Tom Horne: “Individuals are Primary and Race is Irrelevant”

Apparently, AZ Superintendent of Public Instruction Tom Horne is determined to spend the next four years whitewashing Arizona schools. According to the Arizona Republic, his office is “crafting a proposal to change the A-F school grading formula to reflect whether schools take part in values-based [CRT in GOP-speak] teaching standards”. Of course, these values-based teaching standards will be defined by his administration.

Arizona’s current school grading formula, the A-F school Accountability System, was adopted by the State Board of Education in 2017. It awards 30% of the grade for elementary schools based on how students performed on the AzMERIT test and 50% on test score improvement. Another 10% is based on how well English-language learners (ELL) performed, and a final 10% on “acceleration and readiness” measures such as chronic absenteeism and how many third-graders a school moves out of the lowest performance level. High school grading is based on: 30% AzMERIT, 20% AzMERIT improvement, 10% ELL performance, 20% “college and career readiness indicators” and 20% graduation rates.

With up to 90% of the school letter grade dependent on a standardized test score, the system has plenty of critics. Education officials have said that growth should be valued more than proficiency to lessen the correlation between grades and student poverty. Tim Carter, one of the system’s architects and education board vice-president at the time of implementation said, “We simply don’t have some of those data points that we need” to use more grading measures that aren’t tied to AzMERIT. The test itself though, is a big part of the problem, taking way too much class time to administer and providing results after the academic year is over leaving no time to adjust teaching in response.

The AzMERIT test is now gone, with the following tests constituting the assessments in use as of the 2022-2023 school year:

  • Arizona’s Academic Standards Assessment (AASA) for grades 3-8;
  • AZSCI (Science Assessment) for grades 5, 8, and 11;
  • ACT Aspire for 9th graders and ACT for 11th graders;
  • AZELLA (English Proficiency based on English Language need) for grades 3-12.

Time will tell if these tests are more useful for our educators and educational leaders. There can be no doubt though, that making our school accountability system more subjective, particularly in a highly partisan way, will not bode well for our students and the professionals who educate them. After all, in a world where funding is tied to performance (whether via special funding programs, or forcing schools to compete with each other for students), he who decides what to count, ultimately decides what matters.

At least the decision isn’t up to Horne alone. The AZ State Board of Education must approve the adoption of any changes to the accountability system. From the AZ State Board of Education website:

The Board is composed of eleven members: the Superintendent of Public Instruction, the president of a state university or state college, four lay members, a president or chancellor of a community college district, a person who is an owner or administrator of a charter school, a superintendent of a high school district, a classroom teacher, and a county school superintendent.
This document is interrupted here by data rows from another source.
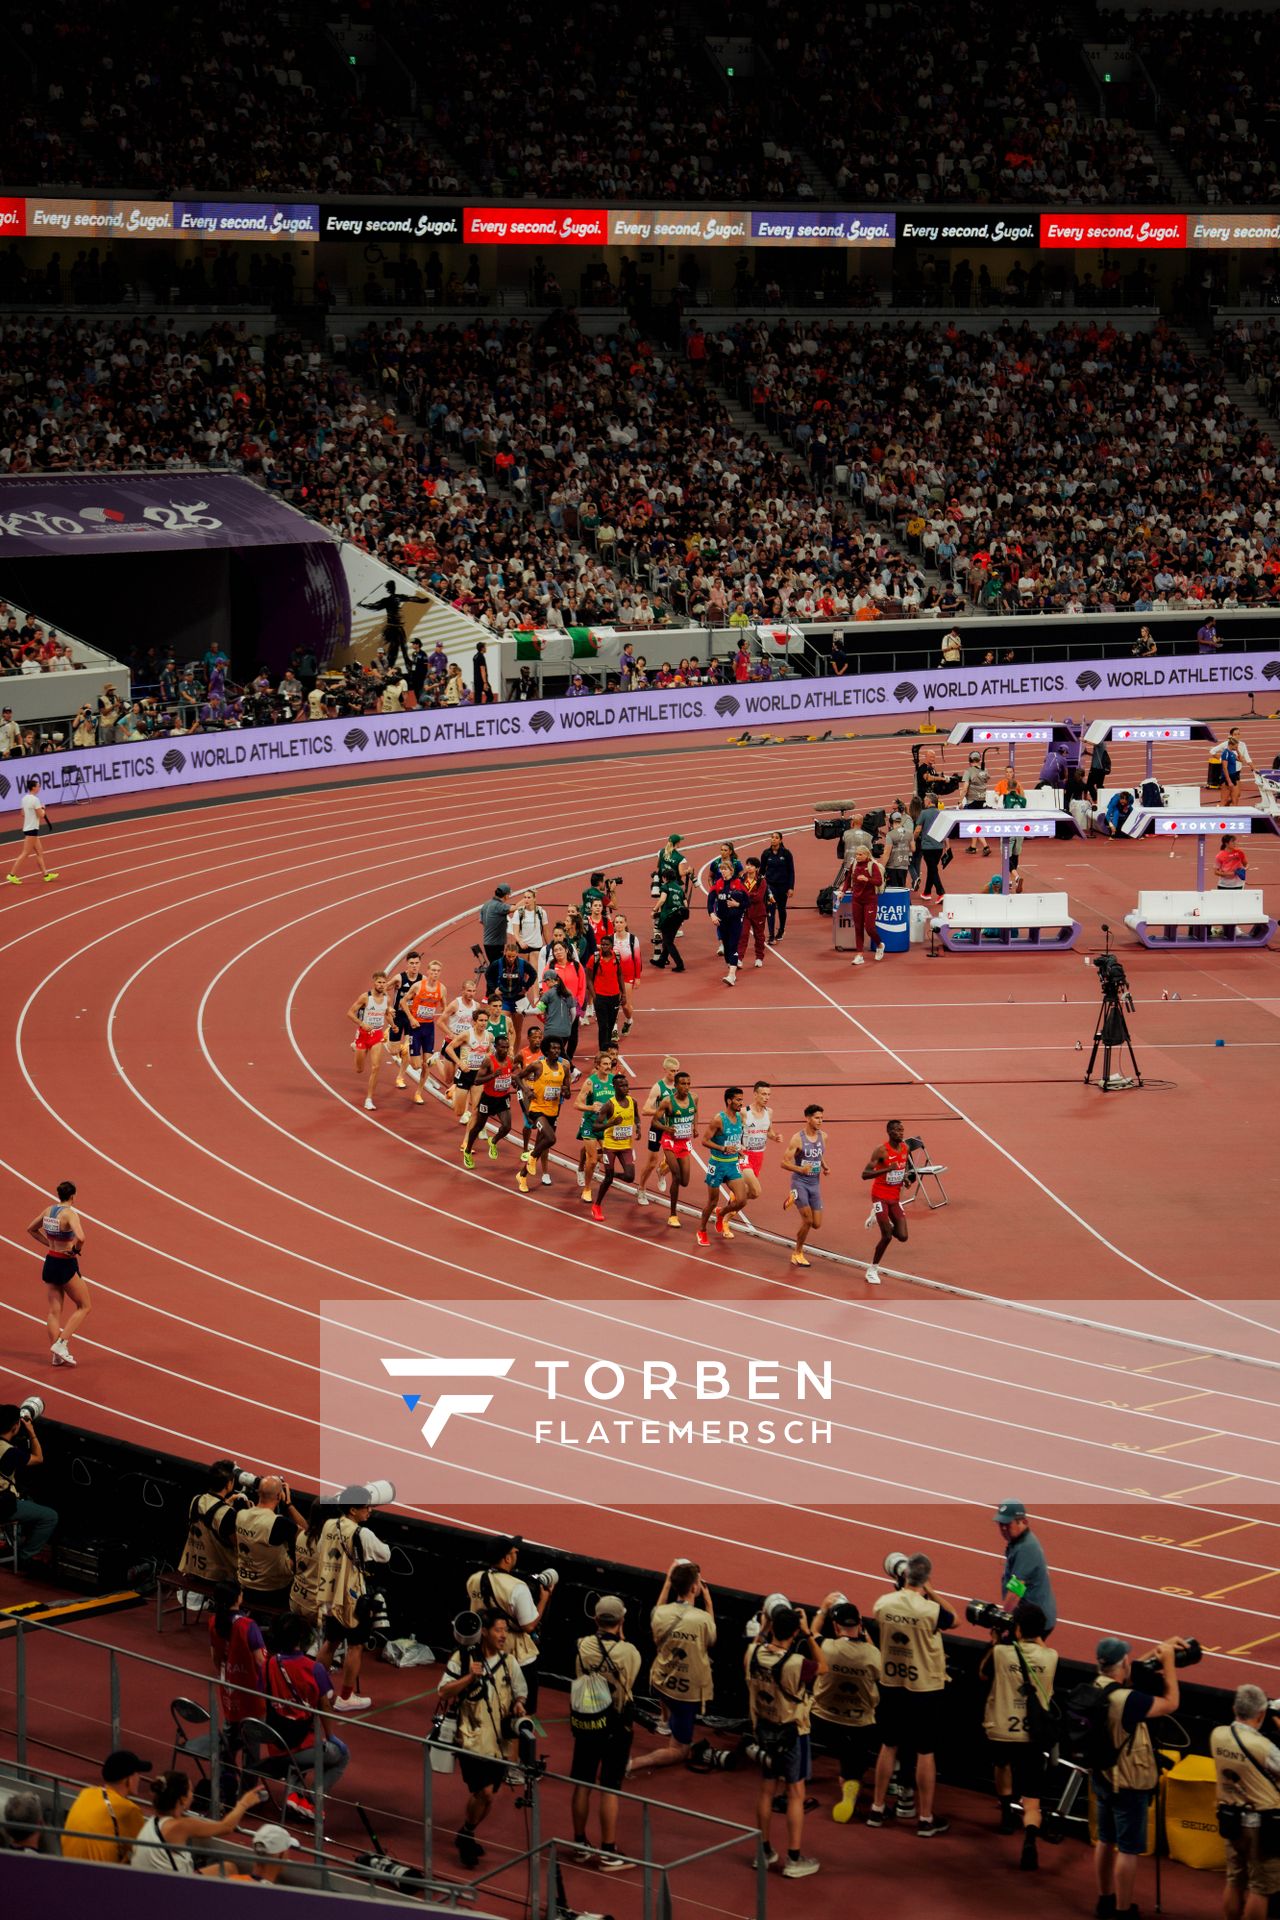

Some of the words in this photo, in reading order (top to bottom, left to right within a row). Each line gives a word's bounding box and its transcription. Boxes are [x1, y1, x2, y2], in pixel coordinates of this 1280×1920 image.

[33, 211, 70, 228] Every
[74, 212, 124, 228] second,
[127, 209, 171, 230] Sugoi.
[181, 213, 218, 230] Every
[221, 215, 268, 230] second,
[270, 213, 313, 234] Sugoi.
[327, 217, 362, 234] Every
[366, 218, 412, 234] second,
[415, 215, 457, 236] Sugoi.
[471, 219, 507, 235] Every
[510, 220, 559, 236] second,
[560, 217, 601, 238] Sugoi.
[615, 221, 651, 238] Every
[654, 222, 701, 237] second,
[704, 219, 745, 239] Sugoi.
[759, 223, 794, 239] Every
[796, 224, 845, 239] second,
[847, 220, 889, 241] Sugoi.
[903, 224, 938, 240] Every
[941, 225, 989, 239] second,
[992, 222, 1034, 241] Sugoi.
[1048, 225, 1084, 240] Every
[1086, 225, 1134, 240] second,
[1137, 222, 1180, 241] Sugoi.
[1194, 225, 1230, 240] Every
[1107, 670, 1165, 687] WORLD
[1168, 665, 1254, 684] ATHLETICS
[923, 682, 978, 699] WORLD
[980, 675, 1065, 695] ATHLETICS
[745, 694, 801, 713] WORLD
[804, 687, 886, 708] ATHLETICS
[560, 708, 615, 728] WORLD
[618, 701, 703, 723] ATHLETICS
[374, 725, 431, 747] WORLD
[434, 717, 520, 741] ATHLETICS
[191, 746, 247, 768] WORLD
[250, 736, 333, 761] ATHLETICS
[1033, 824, 1049, 832] 25
[1229, 822, 1245, 830] 25
[876, 913, 903, 921] WEAT
[805, 1147, 824, 1158] USA
[237, 1527, 257, 1538] ONY
[186, 1551, 207, 1571] 115
[885, 1613, 919, 1626] SONY
[832, 1664, 868, 1676] SONY
Other than the superintendent of public instruction, each member is appointed to a four-year term by the governor with the consent of the Senate. State law allows an incumbent to continue to serve until his successor has been confirmed by the senate; nominees are prohibited from serving longer than one year after nomination without Senate consent.

And although Governor Hobbs appoints the members, she won’t have a chance to do much of that until next year when three members’ terms expire in 2024. Four more expire in 2025, two in 2026, as well as Horne’s in 2027. One seat, for a public member, is currently vacant to be filled by a Hobb’s appointment this year. Let’s hope the majority of the existing members can see beyond Horne’s “I don’t see color” trope. Truth is, as articulated by Jeremy Helligar on Medium.com, “If you look at me and don’t see the color of my skin, you don’t see me at all”.
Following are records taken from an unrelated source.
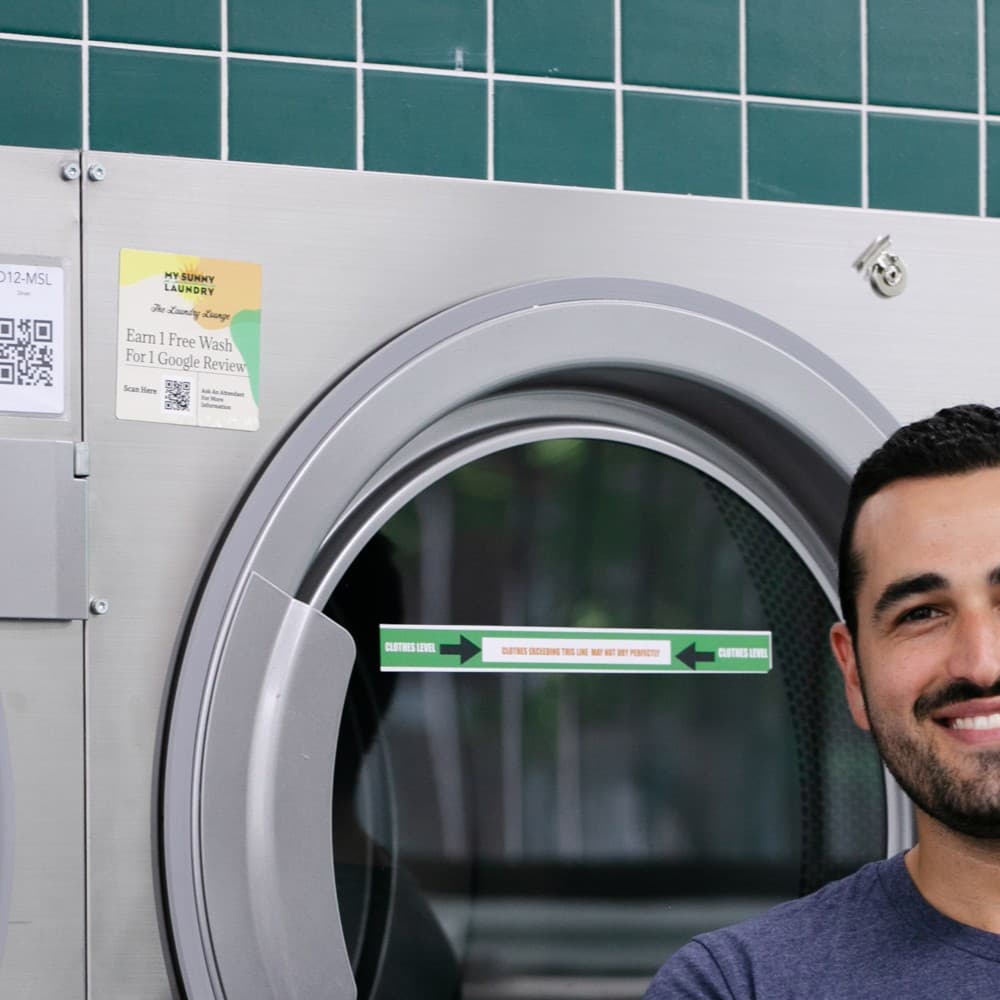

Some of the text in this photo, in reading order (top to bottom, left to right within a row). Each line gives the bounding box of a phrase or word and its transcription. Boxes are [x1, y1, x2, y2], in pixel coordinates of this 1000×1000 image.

[164, 271, 215, 283] MY SUNNY
[164, 283, 215, 296] LAUNDRY
[202, 309, 231, 322] Lounge
[126, 328, 156, 345] Earn
[169, 332, 196, 349] Free
[198, 335, 233, 353] Wash
[125, 348, 146, 363] For
[158, 351, 200, 371] Google
[203, 355, 247, 373] Review
[123, 385, 157, 394] Scan Here
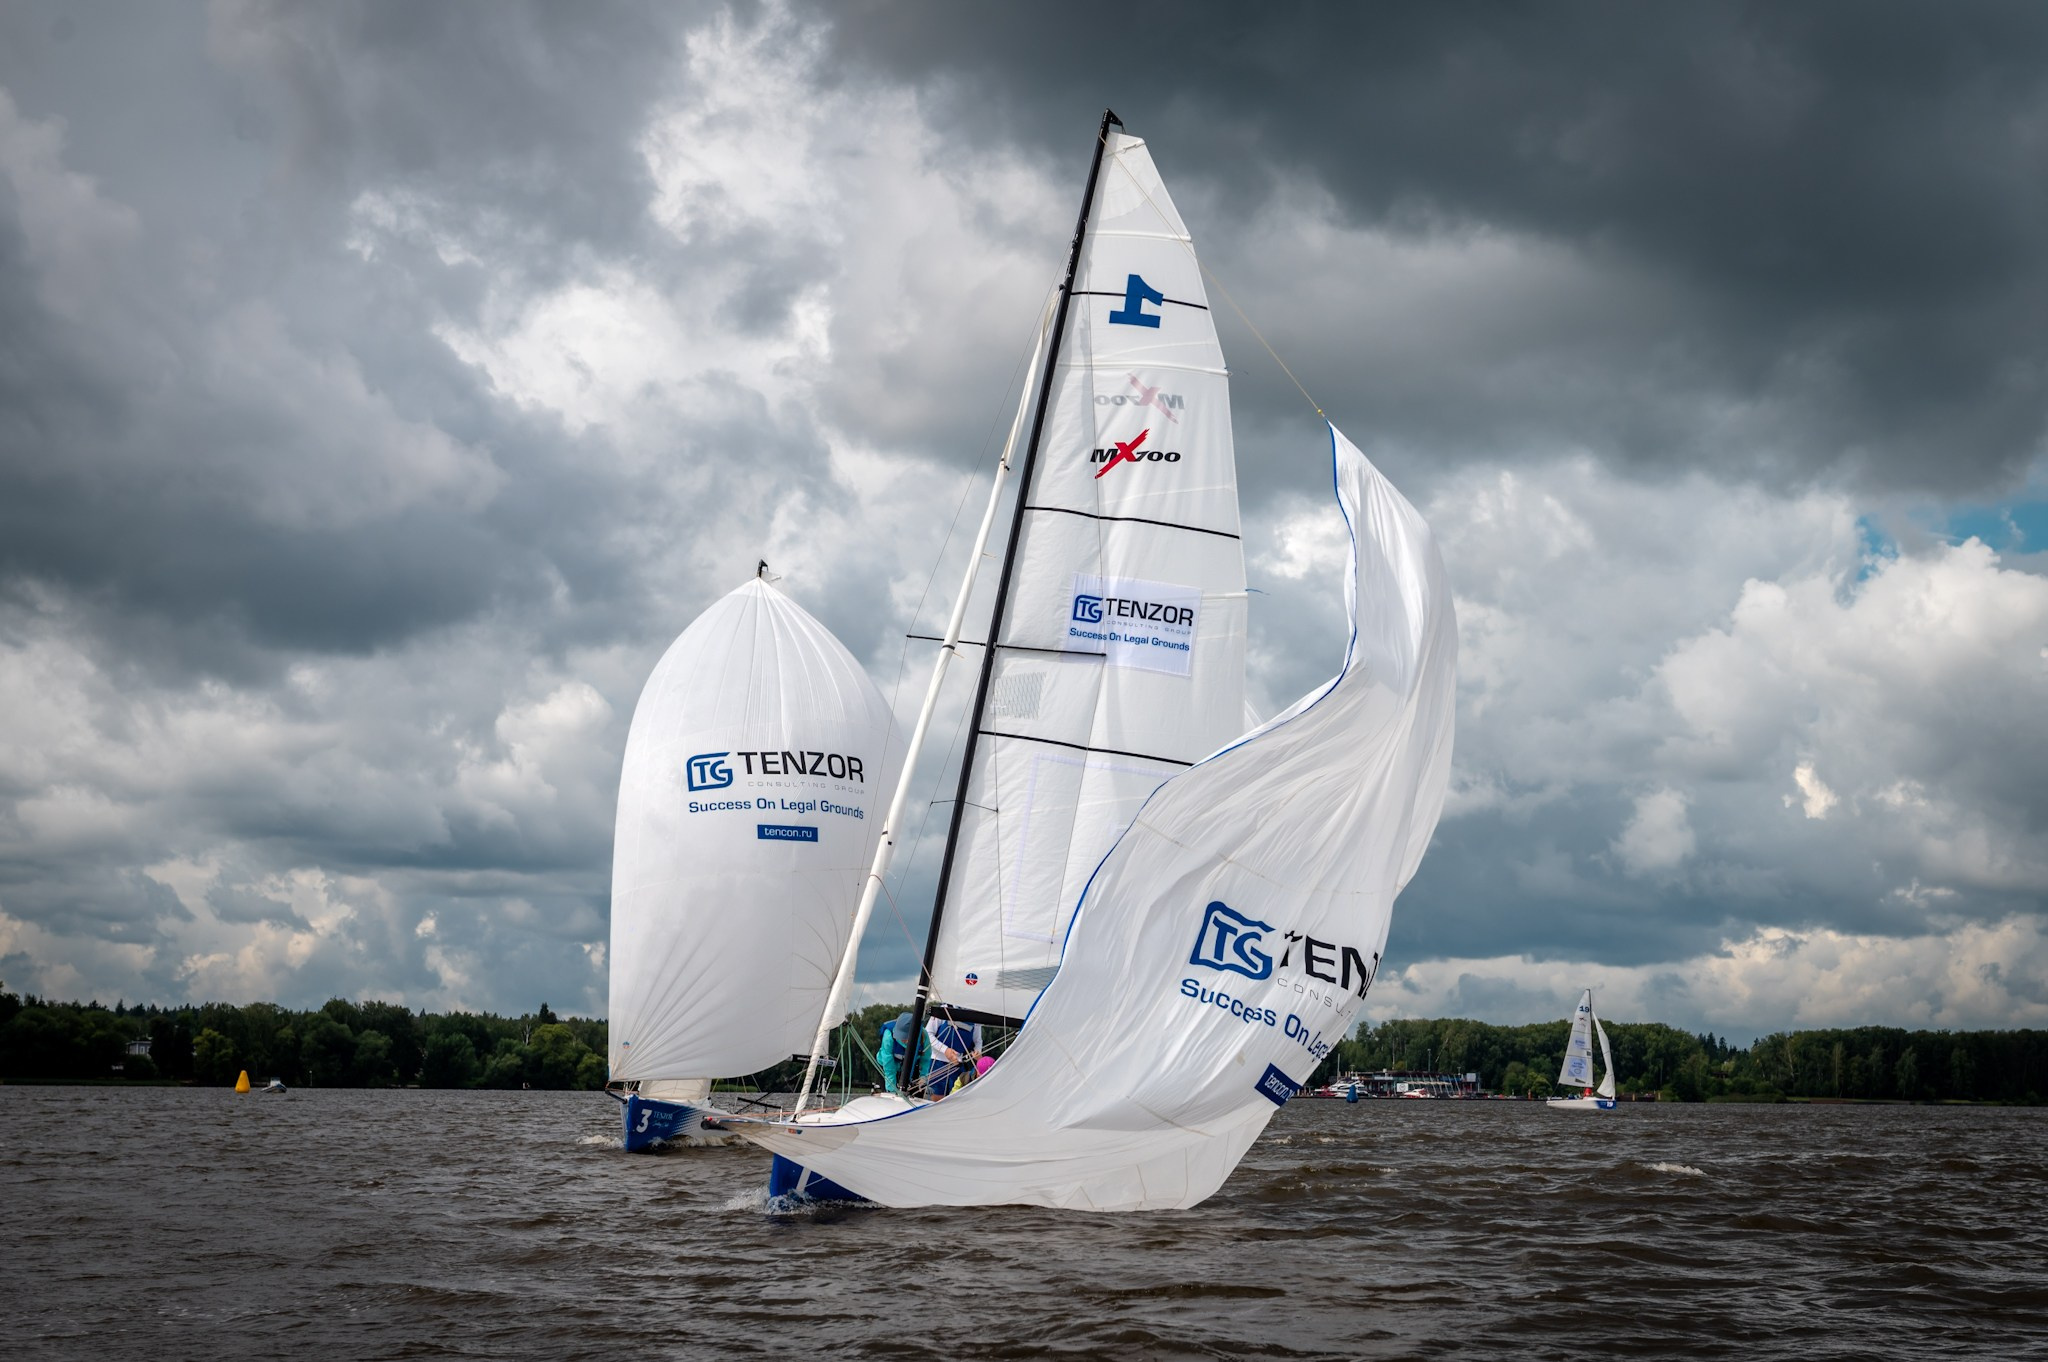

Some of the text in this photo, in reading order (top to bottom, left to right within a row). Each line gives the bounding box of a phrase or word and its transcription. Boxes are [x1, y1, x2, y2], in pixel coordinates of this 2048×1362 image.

[1090, 428, 1181, 479] MX700
[1106, 598, 1194, 627] TENZOR
[1069, 627, 1190, 651] Success On Legal Grounds
[1106, 620, 1192, 635] CONSULTING GROUP
[737, 750, 865, 783] TENZOR
[748, 781, 865, 795] CONSULTING GROUP
[689, 797, 864, 820] Success On Legal Grounds
[764, 827, 812, 839] tencon.ru
[1279, 930, 1382, 1001] TEN
[1180, 978, 1277, 1027] Success
[1284, 1013, 1310, 1047] On
[1277, 977, 1353, 1022] CONSU
[636, 1108, 653, 1133] 3
We need to “see” all our students and, understand where barriers to opportunity exist. Statistics show, over and over, that barriers are real, and exist in terms of poverty, race, education level of parents, etc. Ideally yes, we would be able to give every single student an Individualized Education Plan (IEP) that would compensate for the existence of these barriers, but that’s just not practical when we don’t even have enough teachers or funding for our current system. Let’s face it, Horne’s “individuals are primary and race is irrelevant” is just more dog whistle politics designed to keep the GOP in power, and the rest of us in our place.

 

2 thoughts on “Tom Horne: “Individuals are Primary and Race is Irrelevant””

  1. Great suggestions, Frances, but that would require taking the job seiously, and the next time Horne or the other GOPer electeds take their jobs seriously will be the first time in a “very” long time.

  2. I think the State Board should adopt a grading system on State Superintendent. 50% of the letter grade judged by active teachers in Arizona public school, and 50% by active school board members. But that is only after the State super spends one week in a Native American majority district, in a 7th grade math class. And one week in majority Hispanic student district, in a 3th grade reading class. And one week in an urban elementary school special ed class. Then maybe reality would hit him in the head.